# CS6200: Information Retrieval

## Homework 3

Assigned: Monday, 28 Ocbtober 2019
Due: Friday, 15 November 2019, 11:59 p.m.

### Problems

1. [10 points] Query transformation (or query rewriting) modifies the original query so that it better expresses the query intent. For each of the following examples, name the transformation and give a brief description what it does:
1. electric car $\rightarrow$ electric car cars
2. facebook lira $\rightarrow$ facebook libra
3. middle east turmoil $\rightarrow$ middle east turmoil syria iraq
4. new york times subscription $\rightarrow$ "new york times" subscription
5. tapas $\rightarrow$ tapas Cambridge Massachusetts
2. [15 points] Language modeling
1. What is the purpose of smoothing in the query likelihood retrieval model?

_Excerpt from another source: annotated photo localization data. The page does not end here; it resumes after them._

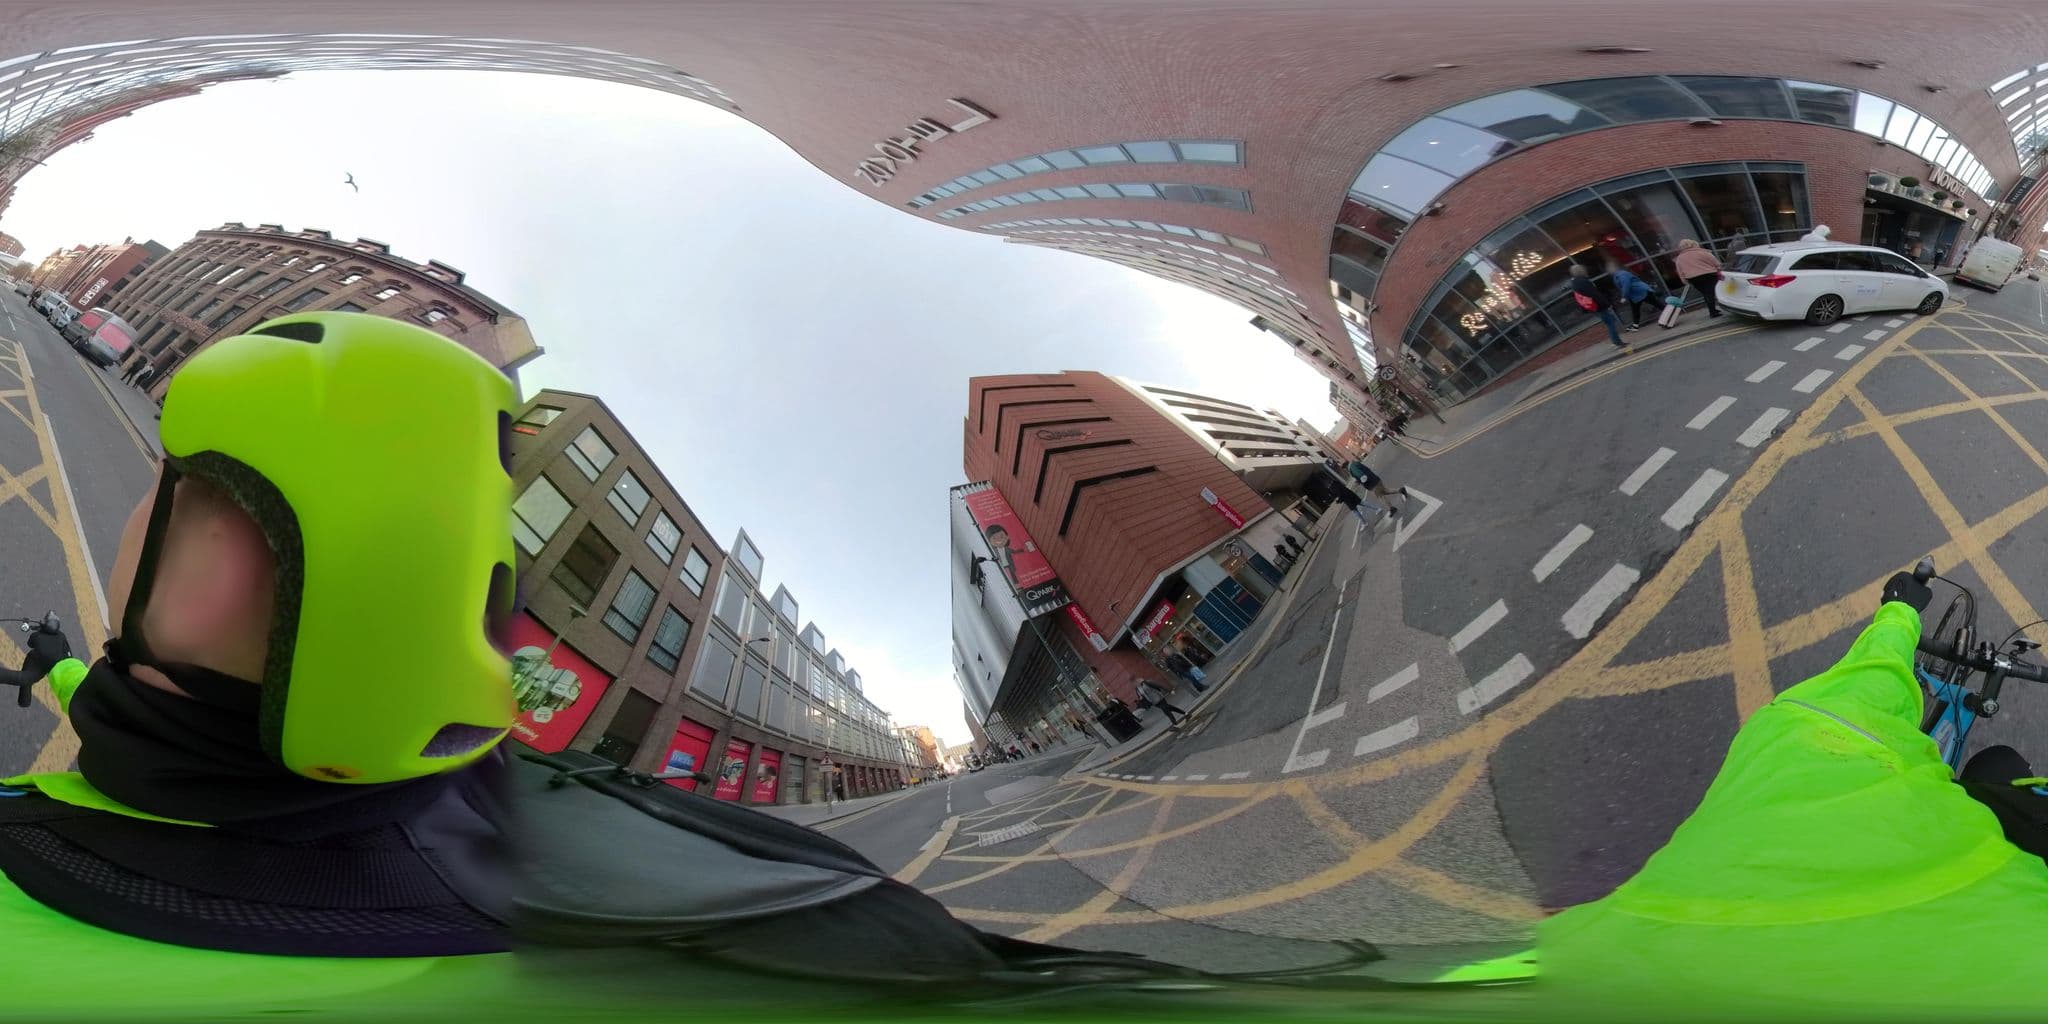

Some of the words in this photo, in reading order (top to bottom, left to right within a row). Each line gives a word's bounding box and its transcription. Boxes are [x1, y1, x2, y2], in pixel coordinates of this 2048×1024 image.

[854, 98, 996, 188] NOVOTEL
[1929, 167, 1967, 198] NOVOTEL
[1382, 367, 1394, 379] 20
[1217, 502, 1242, 527] bargains
[1070, 606, 1093, 633] bargains
[1146, 604, 1171, 632] bargains

2. The likelihood of a query $Q$ with Jelinek-Mercer smoothing is: $p(Q \mid D) = \prod_{i=1}^n [(1 - \lambda) \frac{f_{q_i,D}}{|D|} + \lambda \frac{c_{q_i}}{|C|}]$ Explain what types of documents tend to be retrieved when the $\lambda$ parameter for the corpus model is close to 0. Also, how would the ranking change when the lambda parameter approaches 1?
3. Estimating a relevance model provides a formal justification for pseudo-relevance feedback. Explain pseudo-relevance feedback and what happens to the query when using this technique.

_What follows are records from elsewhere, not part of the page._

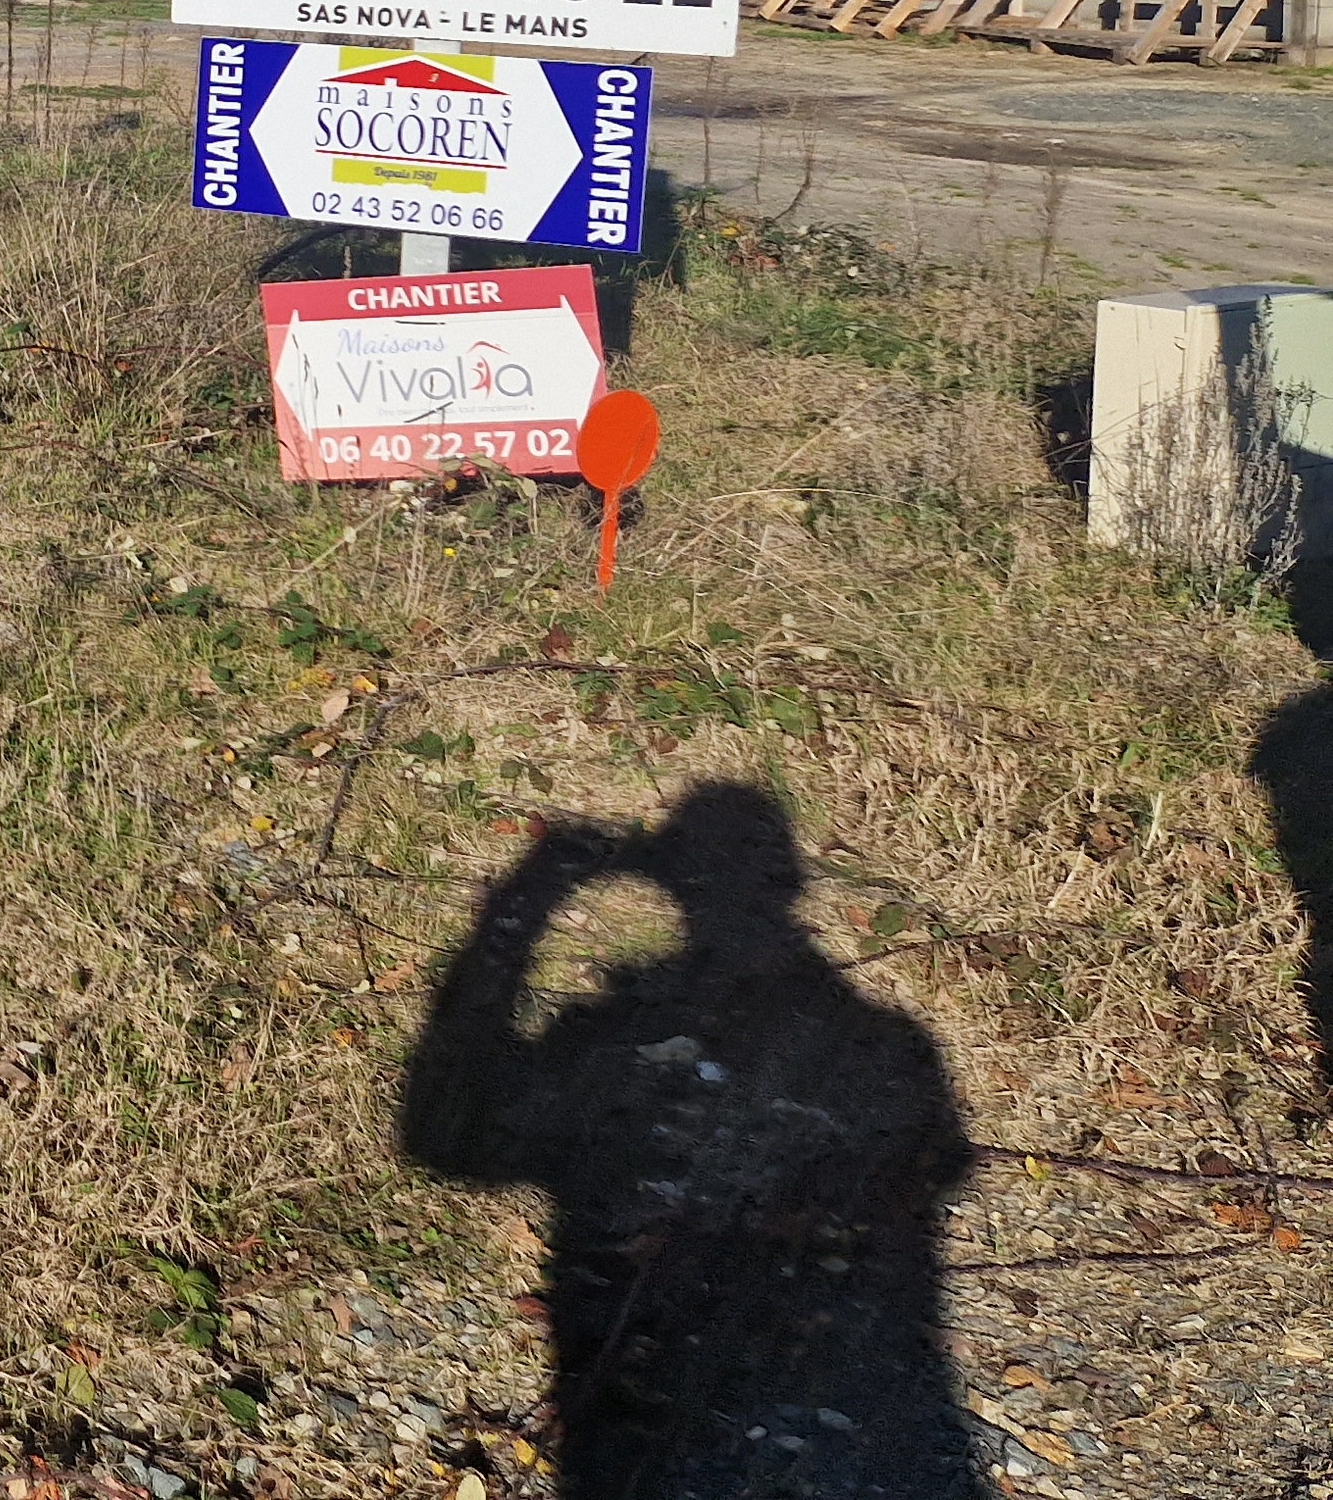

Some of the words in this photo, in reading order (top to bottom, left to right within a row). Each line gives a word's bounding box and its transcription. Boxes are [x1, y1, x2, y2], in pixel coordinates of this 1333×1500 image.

[298, 3, 346, 24] SAS
[358, 7, 430, 28] NOVA
[463, 12, 494, 32] LE
[506, 15, 587, 37] MANS
[318, 85, 510, 118] maisons
[204, 43, 244, 205] CHANTIER
[315, 108, 513, 162] SOCOREN
[587, 70, 637, 244] CHANTIER
[313, 192, 340, 214] 02
[352, 197, 379, 218] 43
[392, 200, 420, 222] 52
[432, 204, 461, 226] 06
[473, 208, 502, 230] 66
[348, 282, 502, 313] CHANTIER
[337, 328, 445, 357] Maisons
[319, 436, 360, 463] 06
[370, 435, 411, 461] 40
[421, 433, 465, 460] 22
[475, 431, 515, 457] 57
[527, 429, 572, 456] 02

3. [10 points] Term dependence
1. Two popular retrieval models with term dependence are the sequential dependence model and the full dependence model. For the query “russian president vladimir putin”, what features does the full dependence model add that do not occur in the sequential dependence model?

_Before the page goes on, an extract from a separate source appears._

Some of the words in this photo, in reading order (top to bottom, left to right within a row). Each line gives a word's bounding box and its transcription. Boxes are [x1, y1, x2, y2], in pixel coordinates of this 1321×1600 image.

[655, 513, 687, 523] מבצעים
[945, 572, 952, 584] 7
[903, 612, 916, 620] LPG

2. In naïve Bayes classification models, as in BM25 and unigram retrieval models, terms are independent of each other given the documents classification. Say that we want to add bigram features to a naïve Bayes classifier for positive vs. negative movie reviews. In addition to features like, ‘martin’ and ‘charlie’ and ‘sheen’, we would also have features like ‘martin sheen’ and ‘charlie sheen’. How could these features help improve classification? If the terms were indeed independent given the classification, what can you say about the relationship between p(‘martin’ | ‘sheen’) and p(‘martin’) in the collection of, say, positive reviews?
4. [15 points] Evaluation
1. The web search industry uses so-called PEGFB relevance judgments—perfect, excellent, good, fair, and bad—together with the NDCG metric to evaluate search output. Why is this metric well suited to evaluating web search using this type of judgments?
2. What is a disadvantage in using mean average precision (MAP) to evaluate web searches? Explain how retrieving relevant documents at low ranks (i.e., a long way down the ranked list) will decrease MAP.
3. Assume that you are evaluating search engines A and B with MAP. Describe how you would use some particular significance test to describe the relative performance of A and B.